I do not think that is right. All the important decisions have been made. When the minister for health says, 'This kills people,' if she believes that this kills people, she should come in here and propose a law banning the product. That is what she should do. I have got news for the minister for health and the government: life kills people. Life is a dangerous activity. There are no laws that we can pass to prevent that. There are no laws we can pass to change that. And it is disturbing to listen to the Labor Party backbench attempt to articulate some sort of argument that having a drab colour on a packet of cigarettes will prevent cancer or stop people dying. There are all sorts of stories. There are very compassionate circumstances and they are very difficult for the people involved, but a law will not remove those circumstances from happening. It will not alter them. People will still make bad choices. People will still be free to do those things, and so they should be in a free society.

There is a way to improve the public health and that is by making people responsible for their individual health choices, making them more responsible for their own health. That must be the focus of good and effective government policy. The criticism I have of this legislation is not that I am pro smoking and want to see smoking everywhere in Australia today. It is that there is no evidence based policy that suggests that this will have an impact on the rates of smoking, yet that is the reason stated in the objective of this bill.
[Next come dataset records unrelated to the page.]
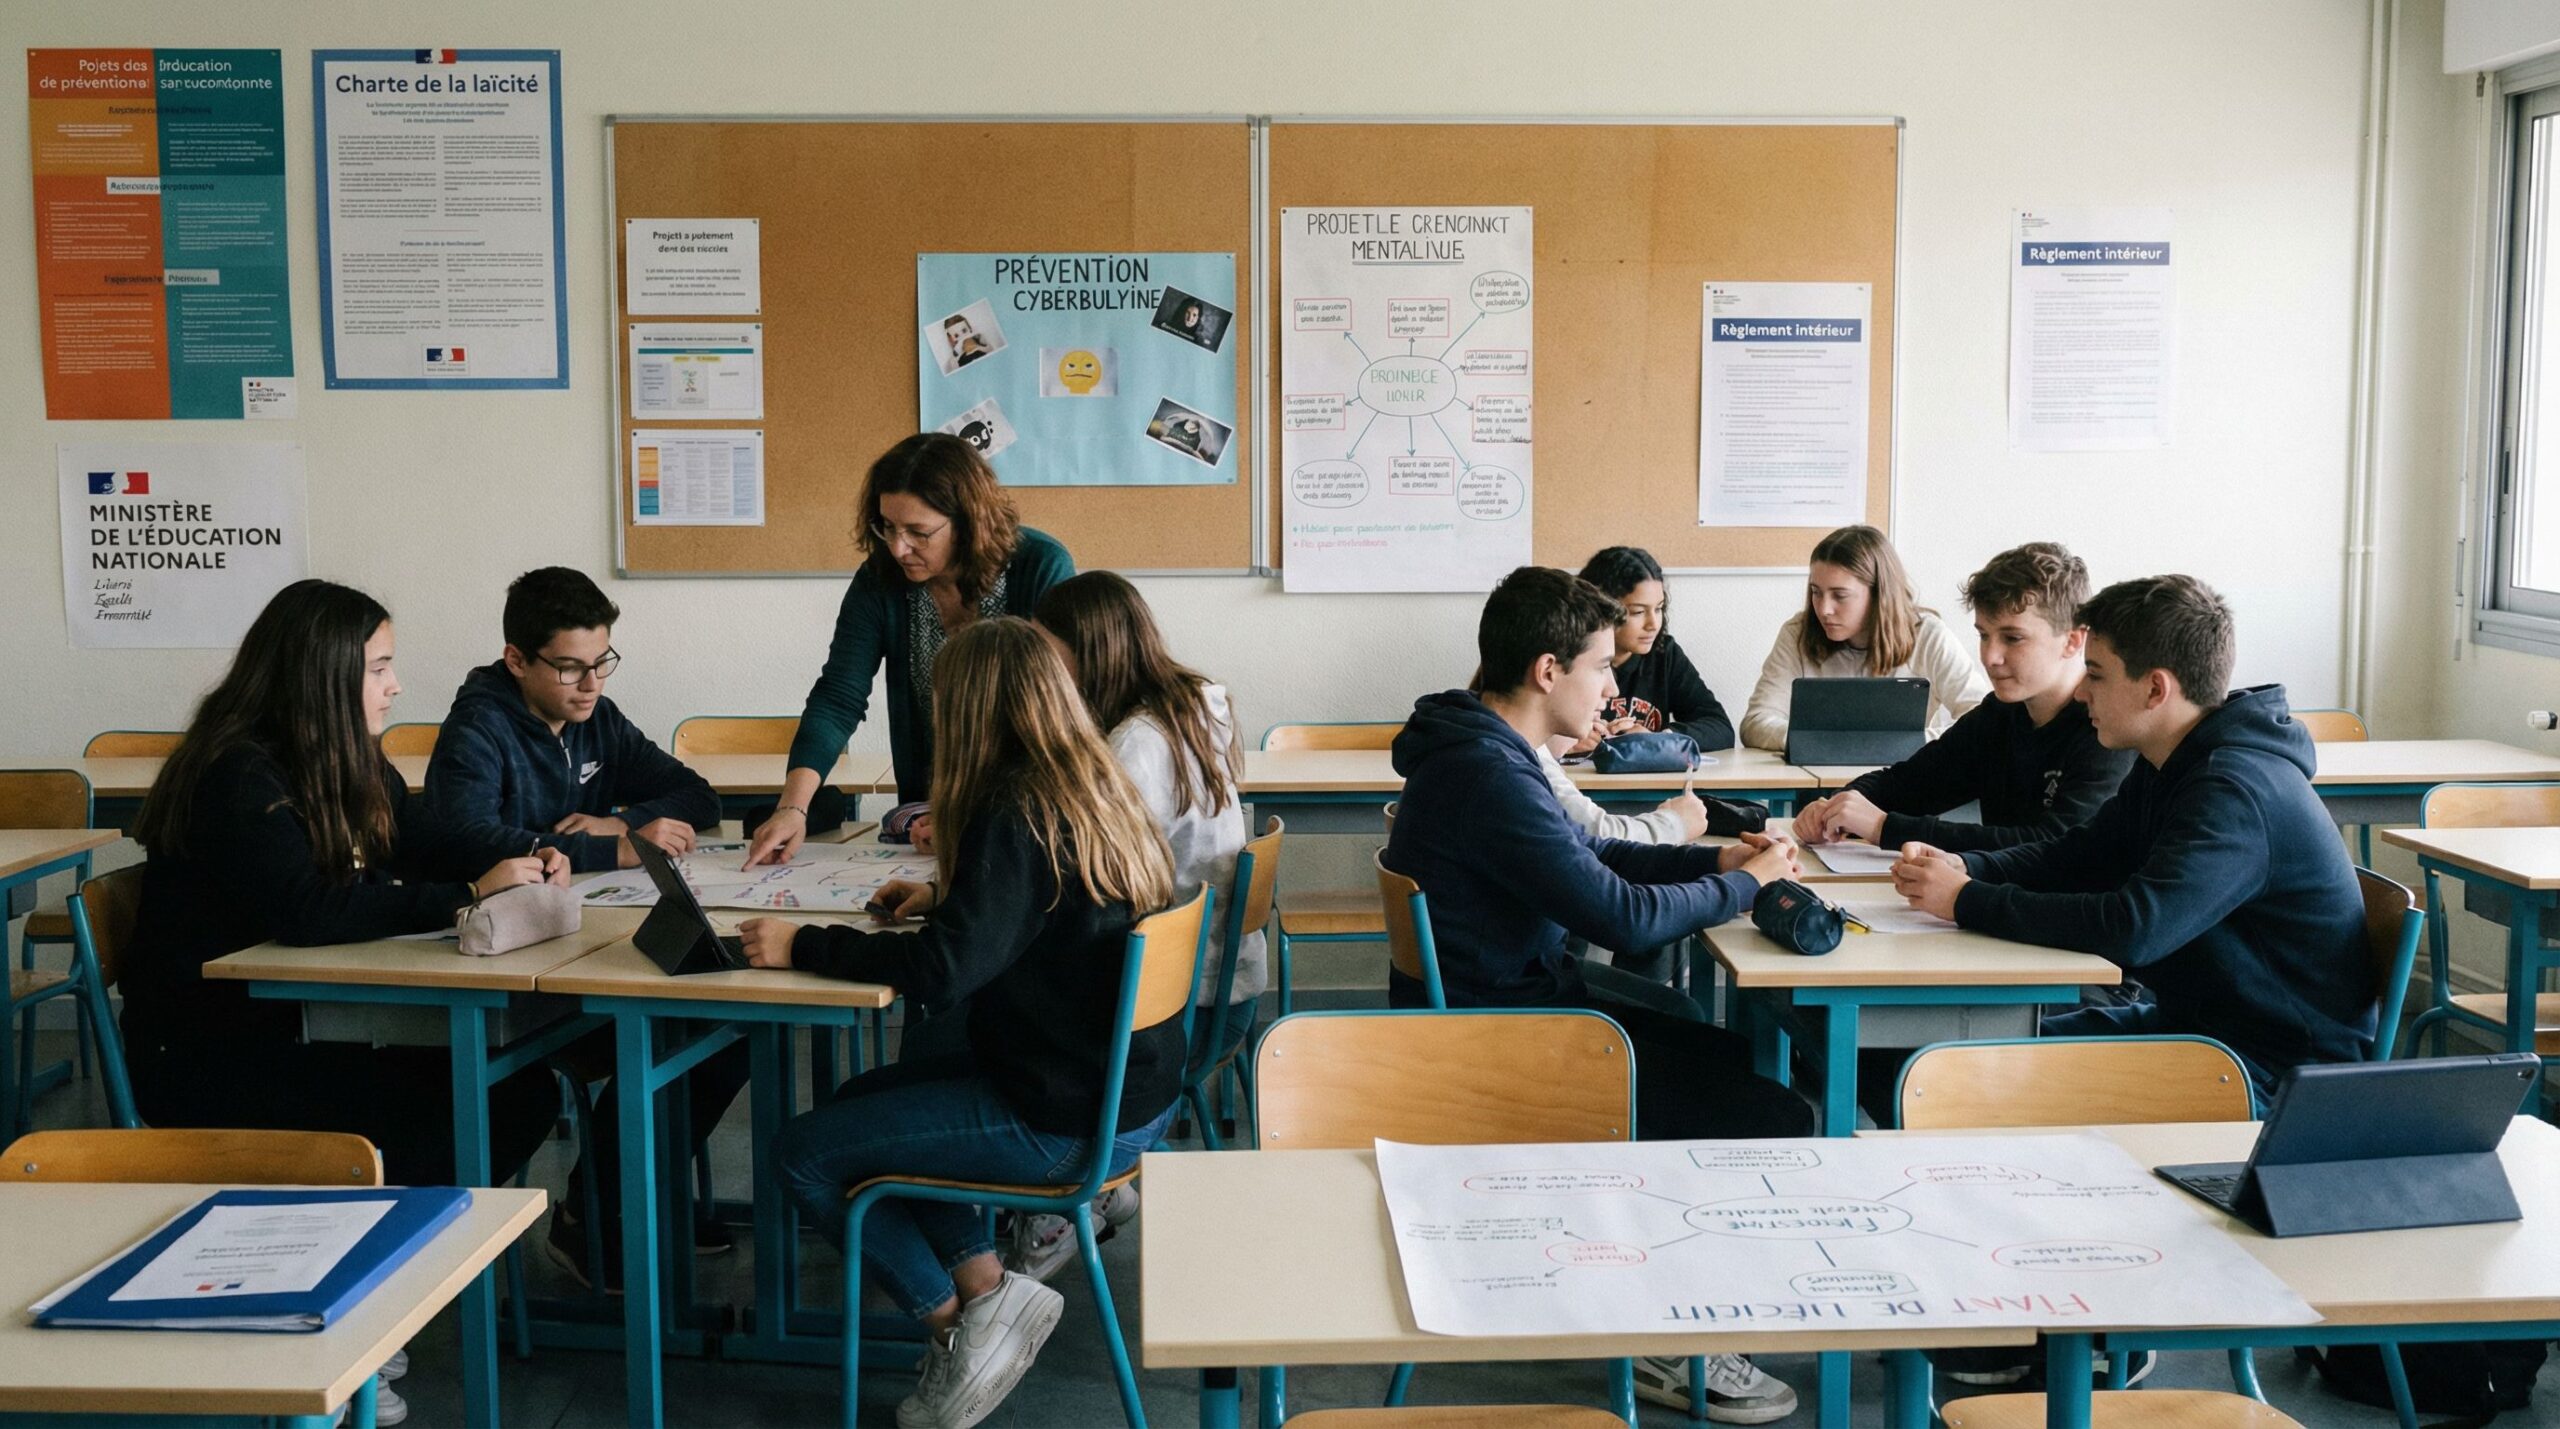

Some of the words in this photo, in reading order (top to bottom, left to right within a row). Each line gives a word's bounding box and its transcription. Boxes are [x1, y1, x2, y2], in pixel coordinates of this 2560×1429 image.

[39, 76, 57, 89] de
[336, 75, 409, 93] Charte
[415, 74, 442, 93] de
[449, 74, 466, 92] la
[473, 74, 538, 93] laïcité
[2030, 247, 2102, 263] Règlement
[2105, 247, 2162, 260] intérieur
[995, 255, 1149, 284] PRÉVENTION
[1720, 323, 1793, 340] Règlement
[1796, 323, 1854, 337] intérieur
[90, 500, 213, 522] MINISTÈRE
[91, 528, 120, 546] DE
[92, 552, 226, 569] NATIONALE
[1871, 1299, 1926, 1316] DE
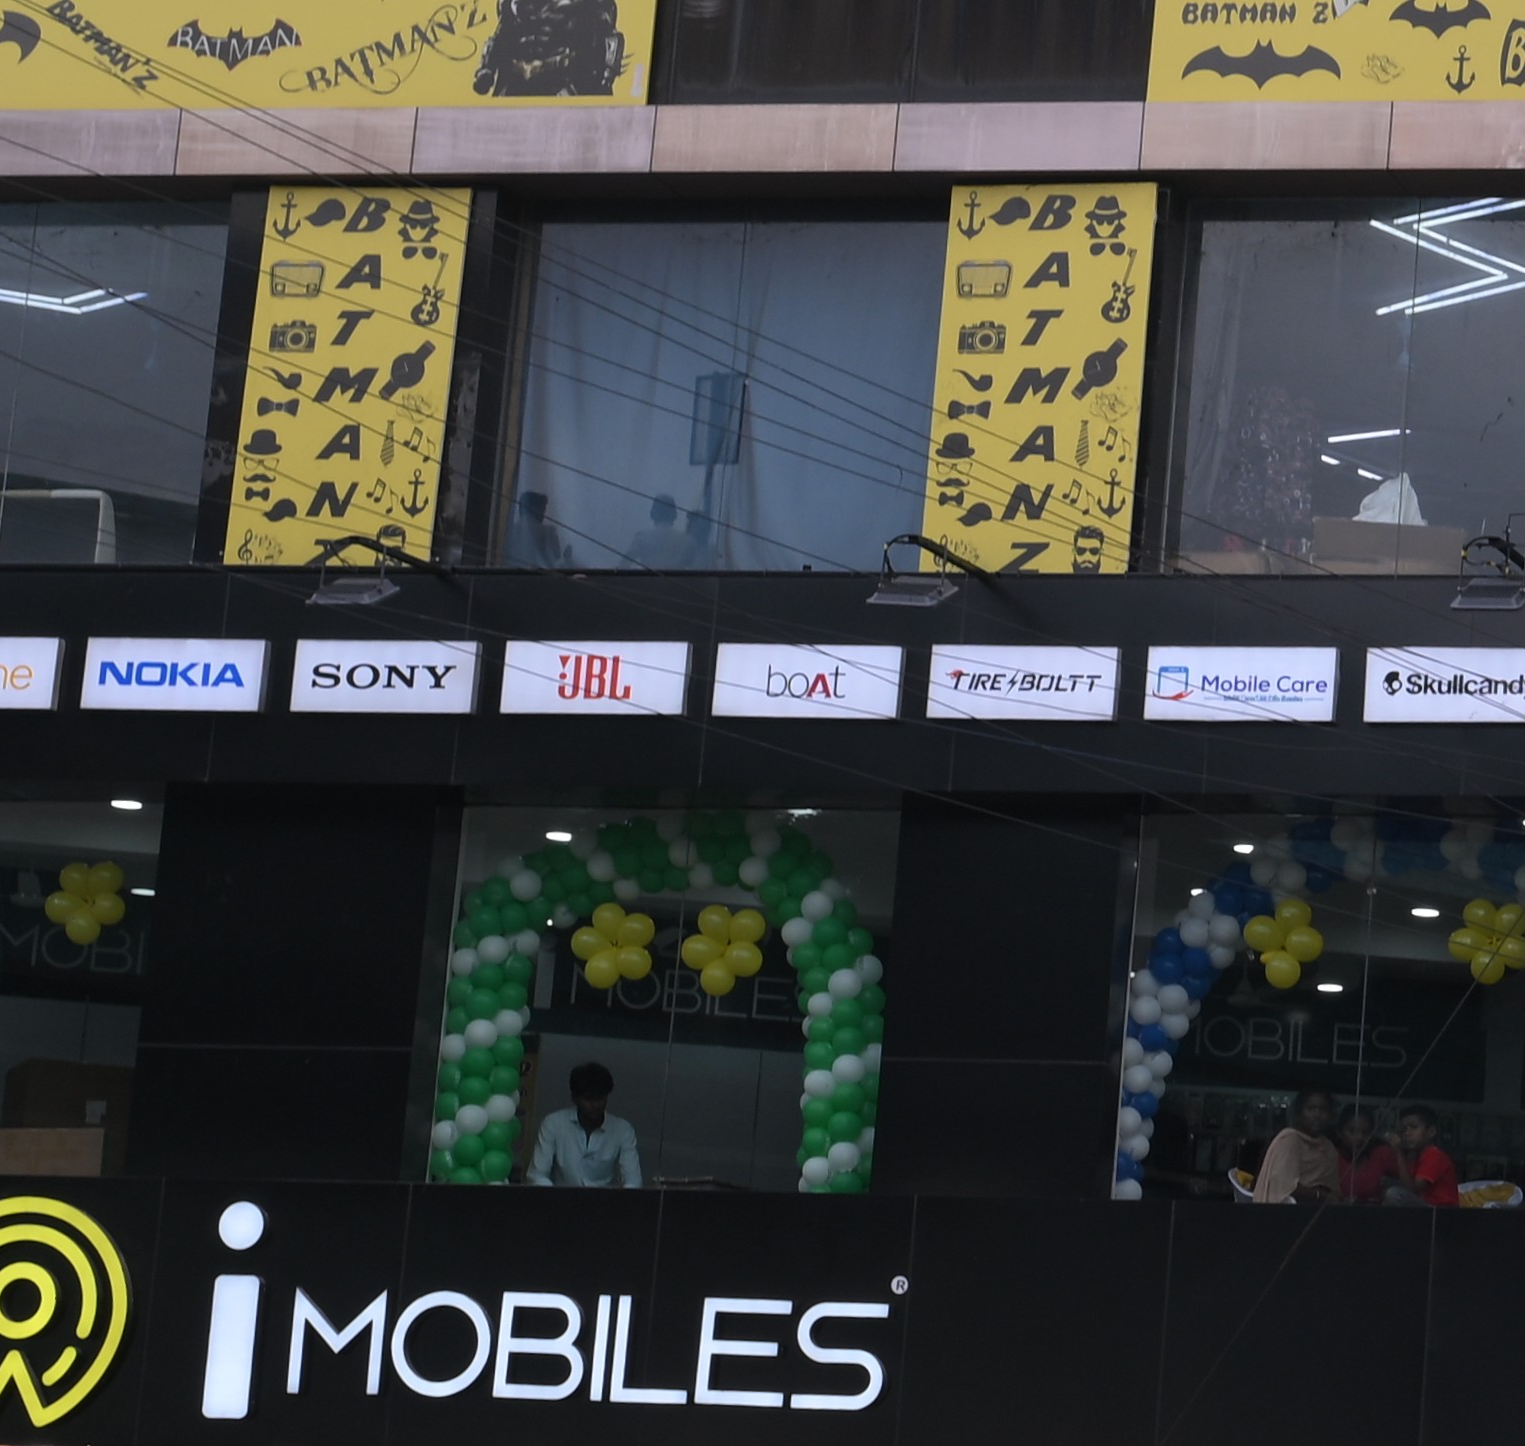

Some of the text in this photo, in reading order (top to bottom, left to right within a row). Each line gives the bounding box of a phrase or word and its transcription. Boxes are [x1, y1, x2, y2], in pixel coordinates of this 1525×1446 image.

[175, 26, 301, 59] BATMAN
[99, 661, 244, 687] NOKIA
[311, 664, 457, 689] SONY
[559, 655, 631, 699] JBL
[1200, 675, 1328, 693] Mobile Care
[570, 968, 803, 1022] MOBILE
[201, 1202, 264, 1420] i
[286, 1287, 890, 1412] MOBILES
There is no argument credibly advanced by those opposite that this is the approach that will stop smoking.

There are ways of stopping smoking in Australia today, but of course this is the misnomer of Australian politics in this sort of question—the government is addicted to the revenue. The government wants this revenue and it cannot say no to it. That is the hideous position we are in in passing a law removing the intellectual property rights of corporations in this country, legal corporations providing legal products: because we cannot live with a situation where the government takes the revenue and will not do anything about a product that the health minister herself says is killing people.

I will also say in the final minute that I have that I reject this approach to law. I think it is poor. I think that it will lead to more unintended consequences for small retailers, and small businesses all over the country will suffer as a result. It will not have a great impact on smoking at all. It now threatens to undermine one of the key tenets of the rule of law in our society today, and that is property rights. Without property rights, there is no law—that is a famous quote—and if we attack intellectual property rights in a way that is not justified, and I do not believe it is justified under this legislation, we are undermining the rule of law in our country today and in a way, I think, that will not produce better health outcomes for Australians. So why are we doing it?